Il est cependant incontestable que la substitution du principe de la réalité au principe du plaisir n’explique qu’une petite partie de nos sensations pénibles et seulement les sensations les moins intenses. Une autre source, non moins régulière, de sensations désagréables et pénibles est représentée par les conflits et les divisions qui se produisent dans la vie psychique, à l’époque où le moi accomplit son évolution vers des organisations plus élevées et plus cohérentes. On peut dire que presque toute l’énergie dont dispose l’appareil psychique provient des impulsions qui lui sont congénitalement inhérentes, mais il n’est pas donné à toutes ces impulsions d’atteindre le même degré d’évolution.

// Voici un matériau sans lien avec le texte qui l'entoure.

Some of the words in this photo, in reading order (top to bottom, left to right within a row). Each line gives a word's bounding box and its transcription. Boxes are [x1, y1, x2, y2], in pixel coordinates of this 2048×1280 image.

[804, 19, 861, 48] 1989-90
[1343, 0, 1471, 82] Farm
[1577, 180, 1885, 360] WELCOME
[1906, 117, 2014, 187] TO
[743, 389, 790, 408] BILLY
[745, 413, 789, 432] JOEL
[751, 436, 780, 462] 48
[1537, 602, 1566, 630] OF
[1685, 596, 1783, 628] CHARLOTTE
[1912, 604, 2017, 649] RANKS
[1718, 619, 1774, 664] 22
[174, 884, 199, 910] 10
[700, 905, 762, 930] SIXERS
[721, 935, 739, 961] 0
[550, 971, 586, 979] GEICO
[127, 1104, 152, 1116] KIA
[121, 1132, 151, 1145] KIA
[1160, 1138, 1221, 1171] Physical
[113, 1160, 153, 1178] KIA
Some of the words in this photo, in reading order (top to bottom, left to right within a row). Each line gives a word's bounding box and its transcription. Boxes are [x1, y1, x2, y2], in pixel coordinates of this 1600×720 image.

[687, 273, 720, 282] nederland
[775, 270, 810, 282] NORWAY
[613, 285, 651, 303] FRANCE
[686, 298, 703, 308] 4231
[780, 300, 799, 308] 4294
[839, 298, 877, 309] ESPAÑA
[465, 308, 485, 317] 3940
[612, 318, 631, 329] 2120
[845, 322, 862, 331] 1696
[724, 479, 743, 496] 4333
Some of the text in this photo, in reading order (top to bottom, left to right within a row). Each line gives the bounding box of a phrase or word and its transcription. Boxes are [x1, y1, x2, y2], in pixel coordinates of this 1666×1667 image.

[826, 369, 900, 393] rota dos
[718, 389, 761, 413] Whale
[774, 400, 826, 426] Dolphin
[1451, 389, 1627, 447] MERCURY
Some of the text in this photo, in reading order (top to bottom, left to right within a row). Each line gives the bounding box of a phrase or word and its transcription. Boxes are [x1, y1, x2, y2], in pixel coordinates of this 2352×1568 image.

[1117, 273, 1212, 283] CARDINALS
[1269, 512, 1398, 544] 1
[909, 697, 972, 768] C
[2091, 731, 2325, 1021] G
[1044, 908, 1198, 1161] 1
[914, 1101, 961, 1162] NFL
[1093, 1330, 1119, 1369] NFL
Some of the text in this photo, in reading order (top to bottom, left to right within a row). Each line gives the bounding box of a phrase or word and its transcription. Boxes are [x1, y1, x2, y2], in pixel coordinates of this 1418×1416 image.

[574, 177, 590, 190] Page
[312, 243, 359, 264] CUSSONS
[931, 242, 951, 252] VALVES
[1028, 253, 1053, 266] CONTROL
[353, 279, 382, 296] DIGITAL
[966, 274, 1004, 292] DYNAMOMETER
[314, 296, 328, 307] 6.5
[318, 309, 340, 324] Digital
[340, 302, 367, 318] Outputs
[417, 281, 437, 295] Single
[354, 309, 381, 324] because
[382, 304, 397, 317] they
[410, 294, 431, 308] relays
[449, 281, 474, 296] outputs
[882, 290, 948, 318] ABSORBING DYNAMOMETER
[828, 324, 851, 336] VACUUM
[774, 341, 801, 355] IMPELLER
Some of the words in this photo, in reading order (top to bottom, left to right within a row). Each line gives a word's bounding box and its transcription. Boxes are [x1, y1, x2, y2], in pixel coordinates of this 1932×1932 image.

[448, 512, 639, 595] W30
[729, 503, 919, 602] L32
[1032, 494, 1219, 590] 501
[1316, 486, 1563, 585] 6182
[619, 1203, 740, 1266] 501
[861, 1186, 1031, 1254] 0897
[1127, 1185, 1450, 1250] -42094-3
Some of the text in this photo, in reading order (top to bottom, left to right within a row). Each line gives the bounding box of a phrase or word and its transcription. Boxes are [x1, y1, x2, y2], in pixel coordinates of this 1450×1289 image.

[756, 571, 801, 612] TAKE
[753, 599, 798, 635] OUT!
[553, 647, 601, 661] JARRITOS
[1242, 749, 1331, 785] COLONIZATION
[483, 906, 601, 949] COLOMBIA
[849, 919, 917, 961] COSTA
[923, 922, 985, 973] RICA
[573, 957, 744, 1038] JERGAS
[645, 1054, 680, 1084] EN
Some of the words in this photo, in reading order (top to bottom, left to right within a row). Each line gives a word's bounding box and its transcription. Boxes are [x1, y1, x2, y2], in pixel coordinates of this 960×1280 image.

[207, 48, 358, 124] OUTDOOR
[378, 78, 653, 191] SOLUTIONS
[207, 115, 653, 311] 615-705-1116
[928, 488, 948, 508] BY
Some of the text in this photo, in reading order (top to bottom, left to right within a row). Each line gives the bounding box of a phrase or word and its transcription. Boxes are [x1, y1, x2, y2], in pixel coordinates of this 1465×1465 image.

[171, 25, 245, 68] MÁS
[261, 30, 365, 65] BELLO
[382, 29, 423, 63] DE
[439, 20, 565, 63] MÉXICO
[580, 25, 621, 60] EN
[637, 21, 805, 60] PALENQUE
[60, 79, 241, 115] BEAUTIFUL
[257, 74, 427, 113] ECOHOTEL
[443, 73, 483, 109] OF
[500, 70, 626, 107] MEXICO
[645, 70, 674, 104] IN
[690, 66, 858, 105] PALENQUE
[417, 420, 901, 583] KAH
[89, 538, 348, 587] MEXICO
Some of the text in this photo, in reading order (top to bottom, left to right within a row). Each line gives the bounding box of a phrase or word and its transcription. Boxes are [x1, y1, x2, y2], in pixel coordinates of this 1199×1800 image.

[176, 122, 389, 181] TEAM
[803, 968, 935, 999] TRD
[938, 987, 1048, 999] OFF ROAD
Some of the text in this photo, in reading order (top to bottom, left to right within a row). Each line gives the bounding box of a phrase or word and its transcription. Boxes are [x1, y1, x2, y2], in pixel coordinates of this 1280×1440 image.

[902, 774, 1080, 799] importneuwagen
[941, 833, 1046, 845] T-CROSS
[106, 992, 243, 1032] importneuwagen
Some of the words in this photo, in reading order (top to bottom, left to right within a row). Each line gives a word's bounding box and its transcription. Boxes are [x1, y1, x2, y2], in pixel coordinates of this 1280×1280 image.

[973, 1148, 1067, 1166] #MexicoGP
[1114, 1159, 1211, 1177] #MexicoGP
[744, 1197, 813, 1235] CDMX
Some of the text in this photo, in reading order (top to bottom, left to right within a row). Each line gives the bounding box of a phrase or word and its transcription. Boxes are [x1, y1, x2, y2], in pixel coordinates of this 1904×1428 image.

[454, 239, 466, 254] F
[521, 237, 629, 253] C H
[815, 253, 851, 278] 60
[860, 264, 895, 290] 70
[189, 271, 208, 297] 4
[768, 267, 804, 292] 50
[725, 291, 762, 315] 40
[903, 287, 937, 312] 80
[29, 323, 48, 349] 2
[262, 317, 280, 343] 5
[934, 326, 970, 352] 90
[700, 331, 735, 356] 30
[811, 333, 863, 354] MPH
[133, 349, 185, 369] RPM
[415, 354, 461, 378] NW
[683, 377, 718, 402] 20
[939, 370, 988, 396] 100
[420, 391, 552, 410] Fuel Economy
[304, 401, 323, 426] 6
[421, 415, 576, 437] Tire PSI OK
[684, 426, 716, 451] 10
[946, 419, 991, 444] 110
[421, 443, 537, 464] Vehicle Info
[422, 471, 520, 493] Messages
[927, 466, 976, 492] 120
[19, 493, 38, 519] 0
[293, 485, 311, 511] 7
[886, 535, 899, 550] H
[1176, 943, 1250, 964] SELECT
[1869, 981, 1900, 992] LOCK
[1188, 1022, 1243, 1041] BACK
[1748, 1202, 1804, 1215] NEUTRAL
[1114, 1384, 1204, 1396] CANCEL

Il se trouve, au cours de celle-ci, que certaines impulsions ou certains côtés de certaines impulsions se montrent incompatibles, quant à leurs fins et à leurs tendances, avec les autres, c’est-à-dire avec celles dont la réunion, la synthèse doit former la personnalité complète, achevée.

À la faveur du refoulement, ces tendances se trouvent éliminées de l’ensemble, ne sont pas admises à participer à la synthèse, sont maintenues à des niveaux inférieurs de l’évolution psychique, se voient tout d’abord refuser toute possibilité de satisfaction. Mais elles réussissent quelquefois (et c’est le plus souvent le cas des impulsions sexuelles refoulées) à obtenir malgré tout une satisfaction, soit directe, soit substitutive : il arrive alors que cette éventualité qui, dans d’autres circonstances, serait une source de plaisir, devient pour l’organisme une source de déplaisirs.

A la suite de l’ancien conflit qui avait abouti au refoulement, le principe du plaisir cherche à s’affirmer de nouveau par des voies détournées, pendant que certaines impulsions s’efforcent précisément à le faire triompher à leur profit, en attirant vers elles la plus grande somme de plaisir possible. Les détails du processus à la faveur duquel le refoulement transforme une possibilité de plaisir en une source de déplaisir ne sont pas encore bien compris ou ne se laissent pas encore décrire avec une clarté suffisante, mais il est certain que toute sensation de déplaisir, de nature névrotique, n’est au fond qu’un plaisir qui n’est pas éprouvé comme tel.

Nous sommes loin d’avoir épuisé toutes les sources de la plupart de nos expériences psychiques désagréables ou pénibles, mais s’il en existe d’autres, nous pouvons, non sans quelque apparence de raison, admettre que leur existence n’infirme en rien la prédominance du principe du plaisir. La plupart des sensations pénibles que nous éprouvons sont occasionnées, en effet, soit par la pression exercée par des impulsions insatisfaites, soit par des facteurs extérieurs, qui tantôt éveillent en nous des sensations désagréables en soi, tantôt font surgir dans notre appareil psychique des attentes pénibles, une sensation de « danger ».

La réaction à cette pression des impulsions insatisfaites et à ces menaces de danger, réaction par laquelle s’exprime l’activité propre de l’appareil psychique, peut fort bien s’effectuer sous l’influence du principe du plaisir, soit tel quel, soit modifié par le principe de la réalité. Il ne semble donc pas nécessaire d’admettre une nouvelle limitation du principe du plaisir, et cependant l’examen des réactions psychiques au danger extérieur est de nature à nous fournir de nouveaux matériaux et de nous révéler de nouvelles manières de poser des questions, en rapport avec le problème qui nous intéresse.